Melvin Clare L, Barnoux Magali, Alexander Regi, Roy Ashok, Devapriam John, Blair Robert, Tromans Samuel, Shepstone Lee, Langdon Peter E
School of Psychology, University of East Anglia, UK.
Tizard Centre, University of Kent, UK.
BJPsych Open. 2022 Oct 21;8(6):e187. doi: 10.1192/bjo.2022.571.
An increasing number of children, adolescents and adults with intellectual disabilities and/or autism are being admitted to general psychiatric wards and cared for by general psychiatrists.
The aim of this systematic review was to consider the likely effectiveness of in-patient treatment for this population, and compare and contrast differing models of in-patient care.
A systematic search was completed to identify papers where authors had reported data about the effectiveness of in-patient admissions with reference to one of three domains: treatment effect (e.g. length of stay, clinical outcome, readmission), patient safety (e.g. restrictive practices) and patient experience (e.g. patient or family satisfaction). Where possible, outcomes associated with admission were considered further within the context of differing models of in-patient care (e.g. specialist in-patient services versus general mental health in-patient services).
A total of 106 studies were included and there was evidence that improvements in mental health, social functioning, behaviour and forensic risk were associated with in-patient admission. There were two main models of in-patient psychiatric care described within the literature: admission to a specialist intellectual disability or general mental health in-patient service. Patients admitted to specialist intellectual disability in-patient services had greater complexity, but there were additional benefits, including fewer out-of-area discharges and lower seclusion rates.
There was evidence that admission to in-patient services was associated with improvements in mental health for this population. There was some evidence indicating better outcomes for those admitted to specialist services.

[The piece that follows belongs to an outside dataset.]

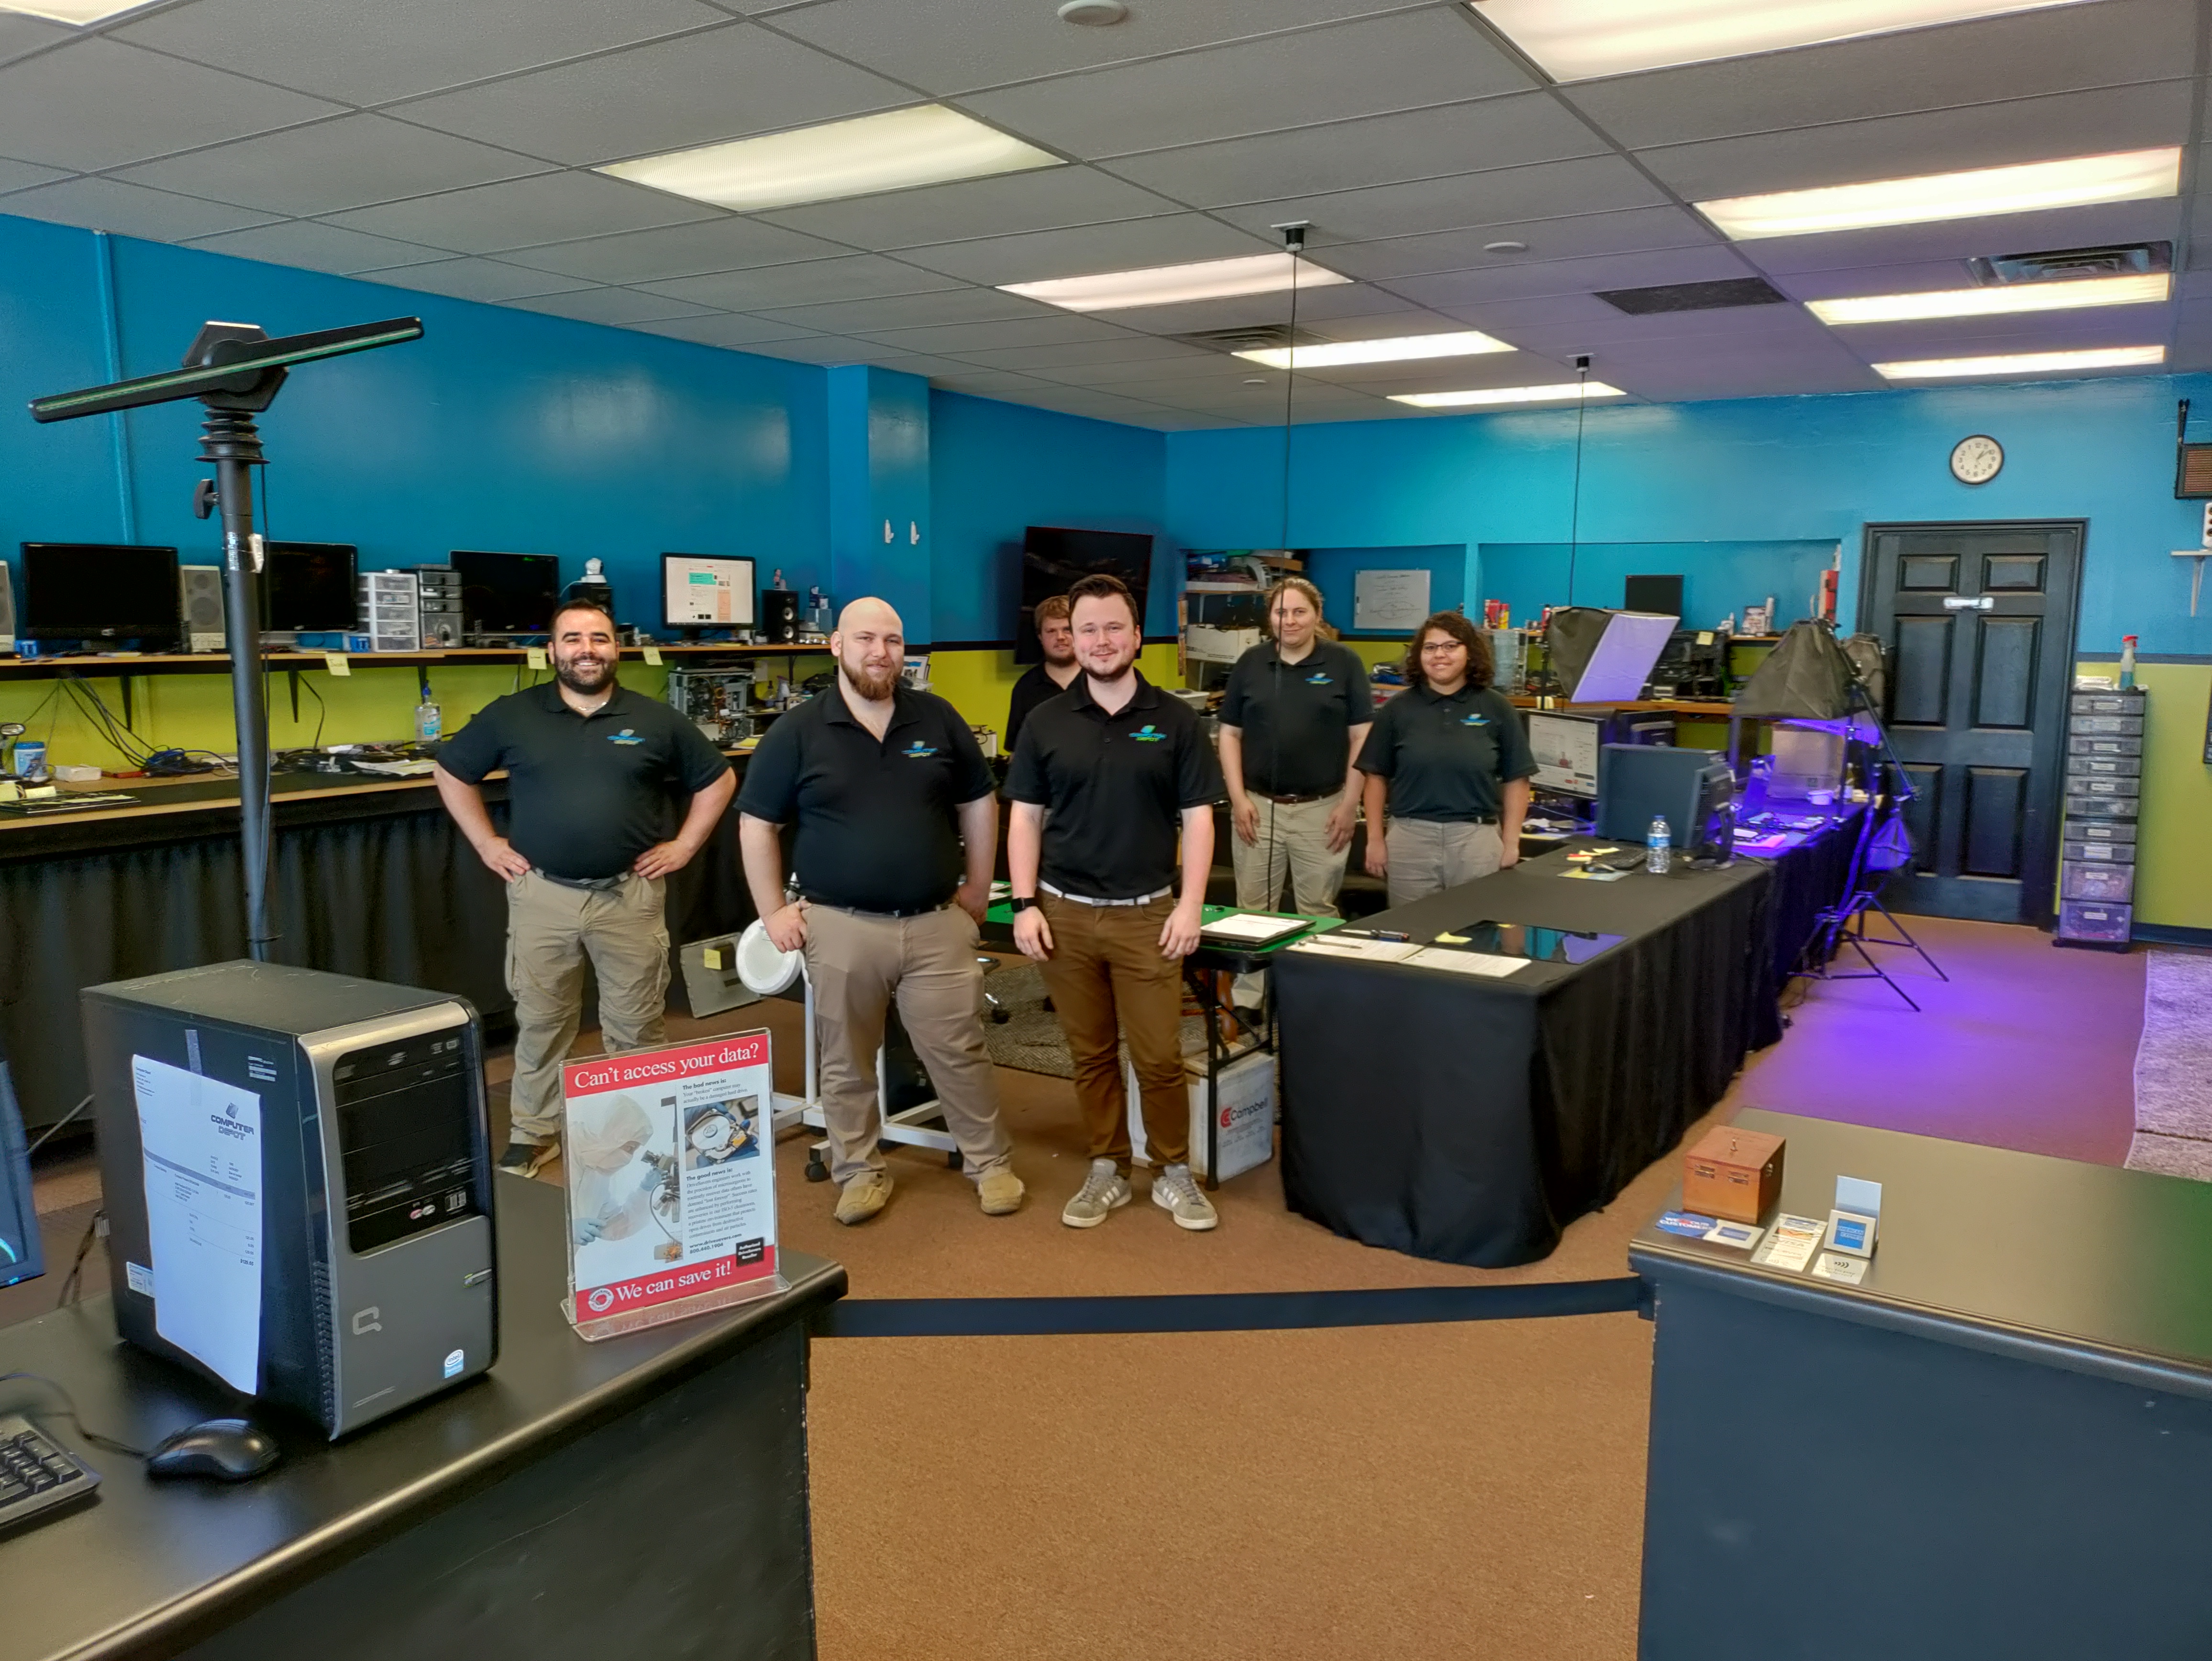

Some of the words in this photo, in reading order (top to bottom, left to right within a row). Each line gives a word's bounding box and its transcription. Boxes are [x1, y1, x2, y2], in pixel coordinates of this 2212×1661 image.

越来越多患有智力残疾和/或自闭症的儿童、青少年及成人被收治到普通精神科病房,并由普通精神科医生进行护理。
本系统评价的目的是考量针对该人群住院治疗的可能效果,并比较和对比不同的住院护理模式。
完成了一项系统检索,以识别作者报告了有关住院治疗效果数据的论文,这些数据涉及以下三个领域之一:治疗效果(如住院时长、临床结局、再入院情况)、患者安全(如限制措施)和患者体验(如患者或家属满意度)。在可能的情况下,在不同的住院护理模式(如专科住院服务与普通精神科住院服务)背景下,进一步考量与住院相关的结局。
共纳入106项研究,有证据表明住院治疗与心理健康、社会功能、行为及法医风险的改善相关。文献中描述了两种主要的住院精神科护理模式:入住专科智力残疾或普通精神科住院服务。入住专科智力残疾住院服务的患者病情更复杂,但也有额外益处,包括更少的跨地区出院和更低的隔离率。
有证据表明,住院服务与该人群心理健康的改善相关。有一些证据表明,入住专科服务的患者结局更好。